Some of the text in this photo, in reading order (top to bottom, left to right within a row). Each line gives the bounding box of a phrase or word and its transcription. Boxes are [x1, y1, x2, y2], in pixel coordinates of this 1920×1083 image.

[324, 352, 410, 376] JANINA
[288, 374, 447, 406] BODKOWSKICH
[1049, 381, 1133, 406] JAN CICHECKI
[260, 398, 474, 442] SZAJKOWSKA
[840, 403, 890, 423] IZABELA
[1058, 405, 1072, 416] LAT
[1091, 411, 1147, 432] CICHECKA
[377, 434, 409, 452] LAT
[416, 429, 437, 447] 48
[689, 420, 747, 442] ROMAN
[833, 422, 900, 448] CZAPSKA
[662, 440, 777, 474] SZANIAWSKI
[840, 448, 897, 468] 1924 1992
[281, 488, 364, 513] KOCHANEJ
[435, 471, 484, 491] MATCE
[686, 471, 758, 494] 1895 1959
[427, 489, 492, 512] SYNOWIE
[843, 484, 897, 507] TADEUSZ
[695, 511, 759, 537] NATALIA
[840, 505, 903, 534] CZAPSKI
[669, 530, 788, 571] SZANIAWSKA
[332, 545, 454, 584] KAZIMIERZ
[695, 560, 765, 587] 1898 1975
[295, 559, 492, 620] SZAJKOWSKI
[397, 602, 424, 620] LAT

______

Exercise objective:
Repeat the data above in full, word for word.

Your solution:
Some of the text in this photo, in reading order (top to bottom, left to right within a row). Each line gives the bounding box of a phrase or word and its transcription. Boxes are [x1, y1, x2, y2], in pixel coordinates of this 1920×1083 image.

[324, 352, 410, 376] JANINA
[288, 374, 447, 406] BODKOWSKICH
[1049, 381, 1133, 406] JAN CICHECKI
[260, 398, 474, 442] SZAJKOWSKA
[840, 403, 890, 423] IZABELA
[1058, 405, 1072, 416] LAT
[1091, 411, 1147, 432] CICHECKA
[377, 434, 409, 452] LAT
[416, 429, 437, 447] 48
[689, 420, 747, 442] ROMAN
[833, 422, 900, 448] CZAPSKA
[662, 440, 777, 474] SZANIAWSKI
[840, 448, 897, 468] 1924 1992
[281, 488, 364, 513] KOCHANEJ
[435, 471, 484, 491] MATCE
[686, 471, 758, 494] 1895 1959
[427, 489, 492, 512] SYNOWIE
[843, 484, 897, 507] TADEUSZ
[695, 511, 759, 537] NATALIA
[840, 505, 903, 534] CZAPSKI
[669, 530, 788, 571] SZANIAWSKA
[332, 545, 454, 584] KAZIMIERZ
[695, 560, 765, 587] 1898 1975
[295, 559, 492, 620] SZAJKOWSKI
[397, 602, 424, 620] LAT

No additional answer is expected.